En entrevue à Canal+, Moore prétend que le glyphosate (présent dans l’herbicide Roundup de Monsanto) est sécuritaire et qu’on peut le boire, jusqu’à ce qu’on lui en offre un verre.

Les Friends of Science sont un organisme à but non lucratif basé à Calgary. Ce groupe réunit des scientifiques de diverses disciplines qui s’appuient sur leur expertise pour affirmer que « le soleil est la cause principale des changements climatiques. Pas vous. Pas le CO2 ».

En 2007, son directeur affirmait au Toronto Star qu’un tiers de son financement provenait de l’industrie pétrolière.

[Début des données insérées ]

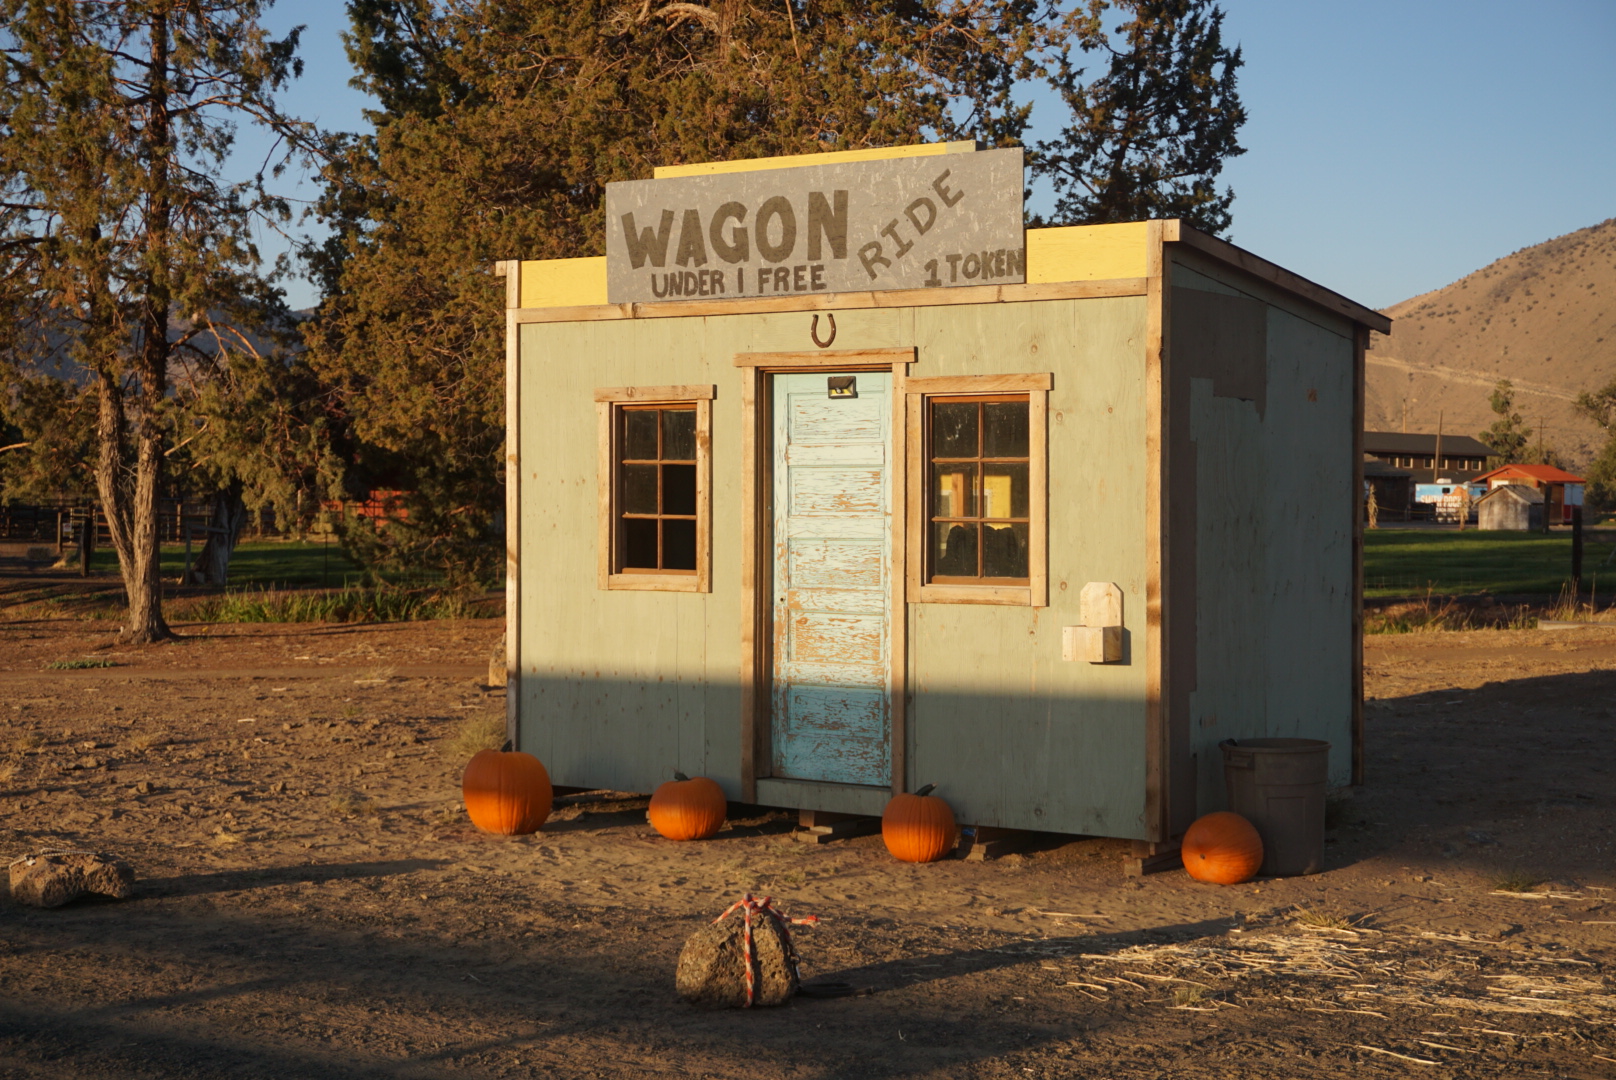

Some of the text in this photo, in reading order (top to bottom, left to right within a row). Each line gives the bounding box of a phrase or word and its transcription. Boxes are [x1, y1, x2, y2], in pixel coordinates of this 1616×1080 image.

Friends of science fait la promotion de l’idée que l’être humain n’est pas vraiment responsable des changements climatiques | Image : Capture d’écran Twitter

En 2008, Friends of Science s’est retrouvé au cœur d’un scandale quand il a été découvert que près de 500 000 $ issus de deux fonds de recherche de l’Université de Calgary avaient servi à payer les dépenses du groupe.

Les confinements, l’investissement vert et les politiques de réduction des GES vont détruire des vies. | Image : Capture d’écran Twitter

Wokisme et climat, même combat

Enfin, le rapport identifie une nébuleuse de figures liées à ce qu’on appelle l’« intellectual dark web ». Ce terme englobe un ensemble d’influenceurs de droite luttant contre ce qu’ils considèrent comme étant la domination de la rectitude politique et du « wokisme » sur les institutions médiatiques et d’enseignement.

Figure de proue de cette tendance idéologique, Jordan B. Peterson est un professeur de psychologie qui est devenu célèbre par son refus catégorique de se plier à une loi protégeant les droits des personnes trans.

Il a aussi exposé son climatoscepticisme à l’émission de Joe Rogan, l’un des balados les plus populaires. Il y a déclaré que « le climat, ça n’existe pas. “Climat” et “tout” sont le même mot […]. Le climat, c’est à propos de tout, mais vos modèles ne sont pas basés sur tout. »

Les motivations et les arguments des climatosceptiques diffèrent et évoluent. Ils s’adaptent au consensus grandissant autour des changements climatiques pour proposer de nouveaux discours pour continuer à retarder la mise en œuvre d’actions concrètes.